* Provided material
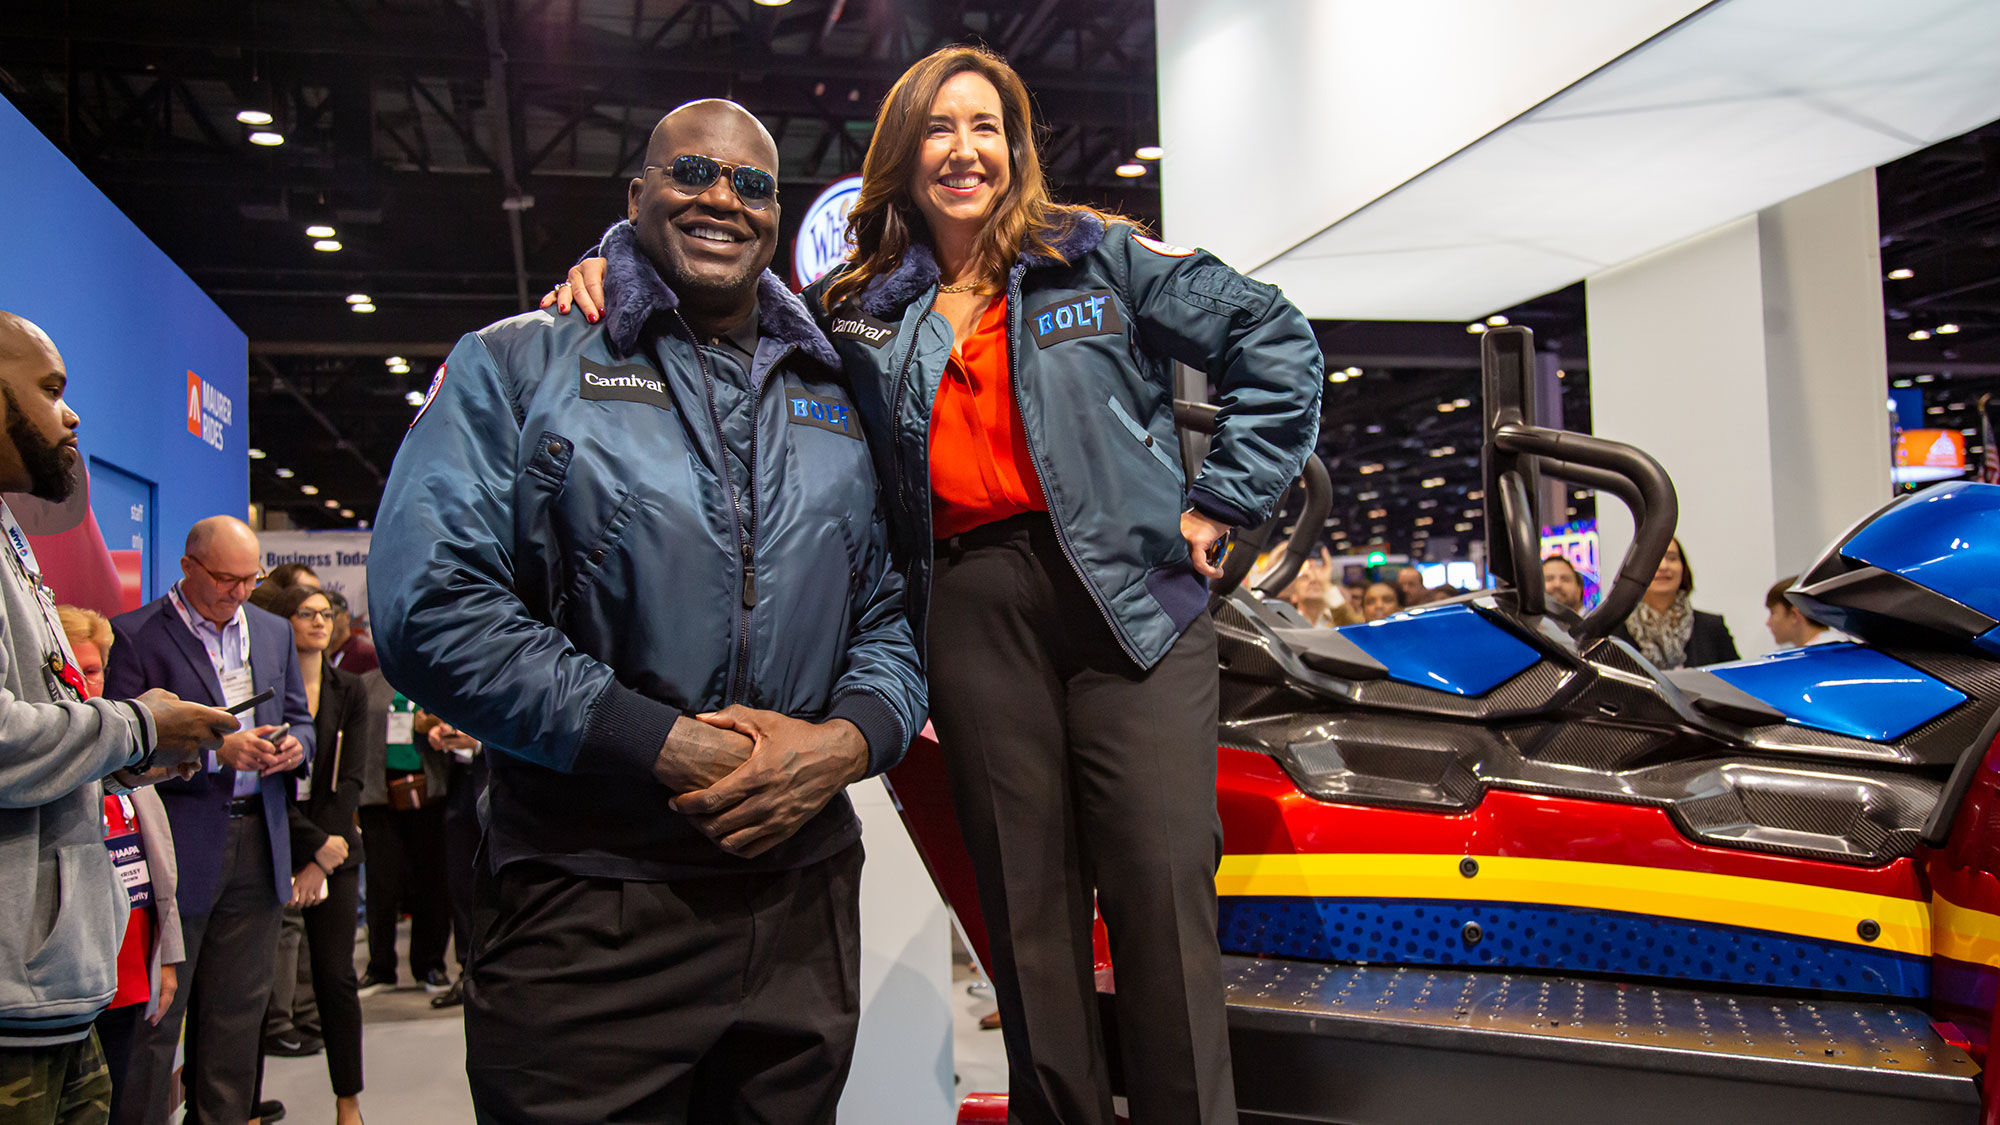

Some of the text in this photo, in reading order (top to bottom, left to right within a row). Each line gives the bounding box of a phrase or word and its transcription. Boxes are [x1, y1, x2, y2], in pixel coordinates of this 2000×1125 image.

[832, 317, 887, 342] Carnival
[1034, 295, 1110, 336] BOLT
[584, 372, 663, 393] Carnival
[203, 380, 232, 427] MAURER
[789, 398, 855, 433] BOLT
[203, 411, 224, 452] RIDES
[267, 551, 368, 568] Business Toda
[115, 845, 140, 858] IAAPA
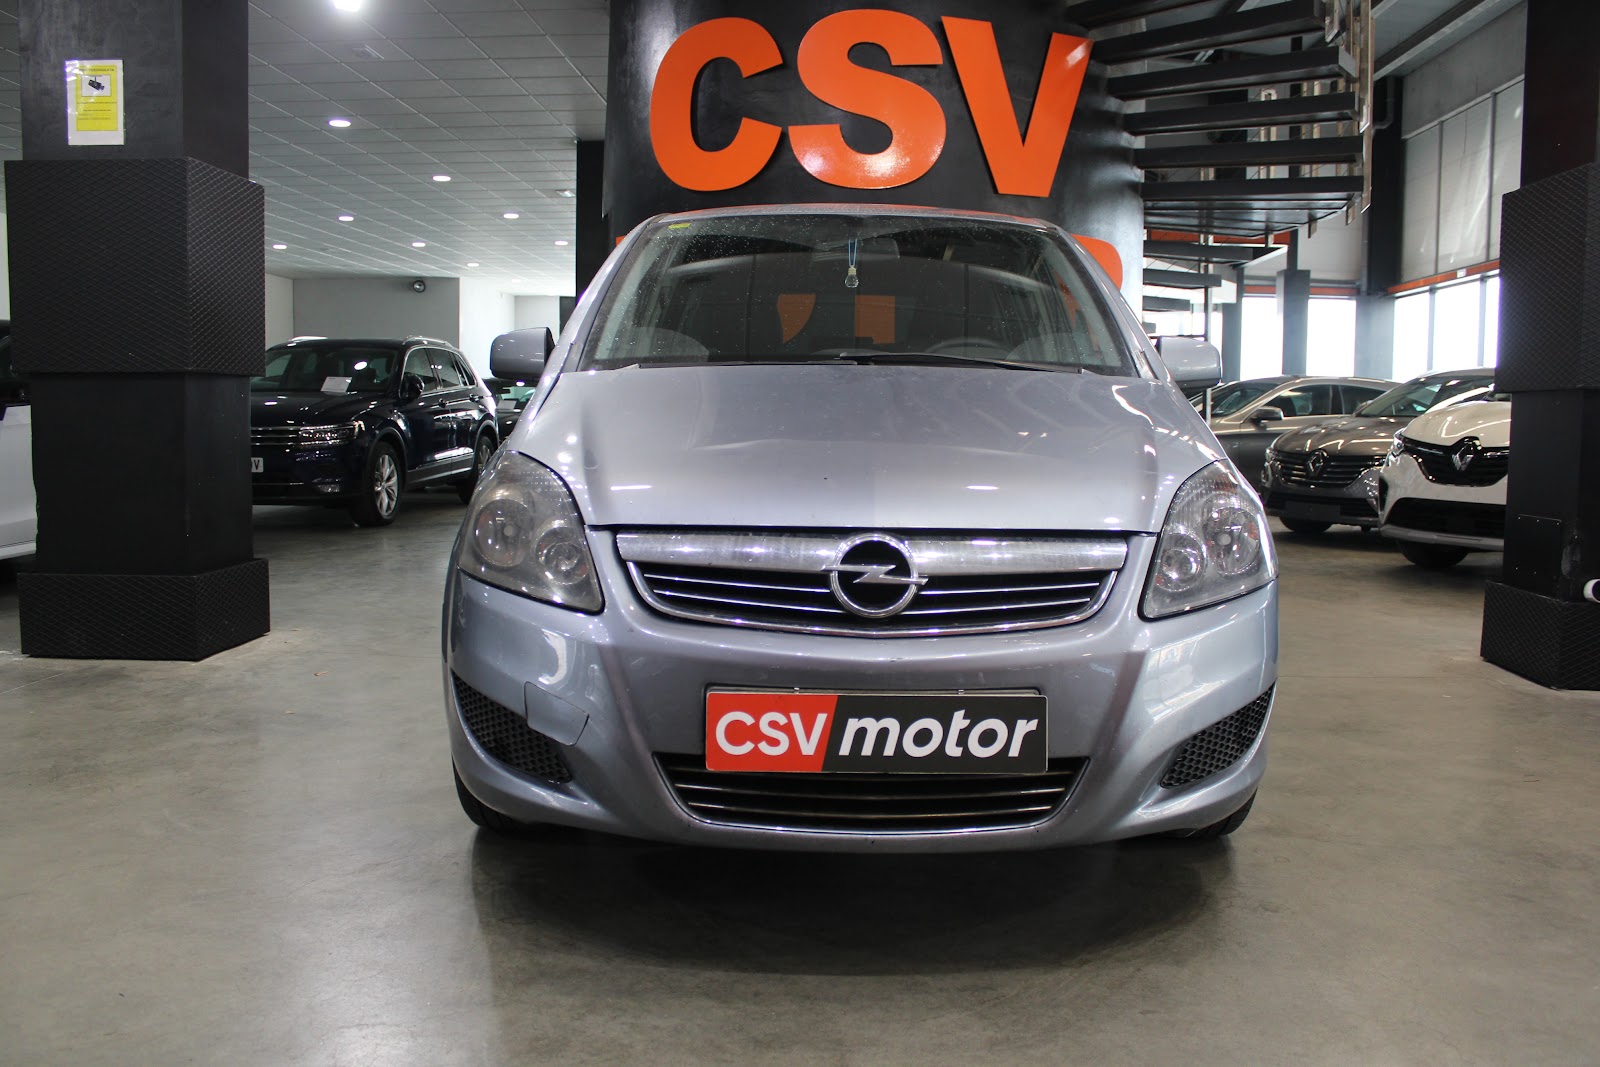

* Assigned task
The expected result is the material restated word for word, minus any picture.

* Written response
Some of the text in this photo, in reading order (top to bottom, left to right within a row). Each line gives the bounding box of a phrase or word and its transcription. Boxes are [x1, y1, x2, y2], in pixel coordinates of this 2000×1125 image.

[832, 317, 887, 342] Carnival
[1034, 295, 1110, 336] BOLT
[584, 372, 663, 393] Carnival
[203, 380, 232, 427] MAURER
[789, 398, 855, 433] BOLT
[203, 411, 224, 452] RIDES
[267, 551, 368, 568] Business Toda
[115, 845, 140, 858] IAAPA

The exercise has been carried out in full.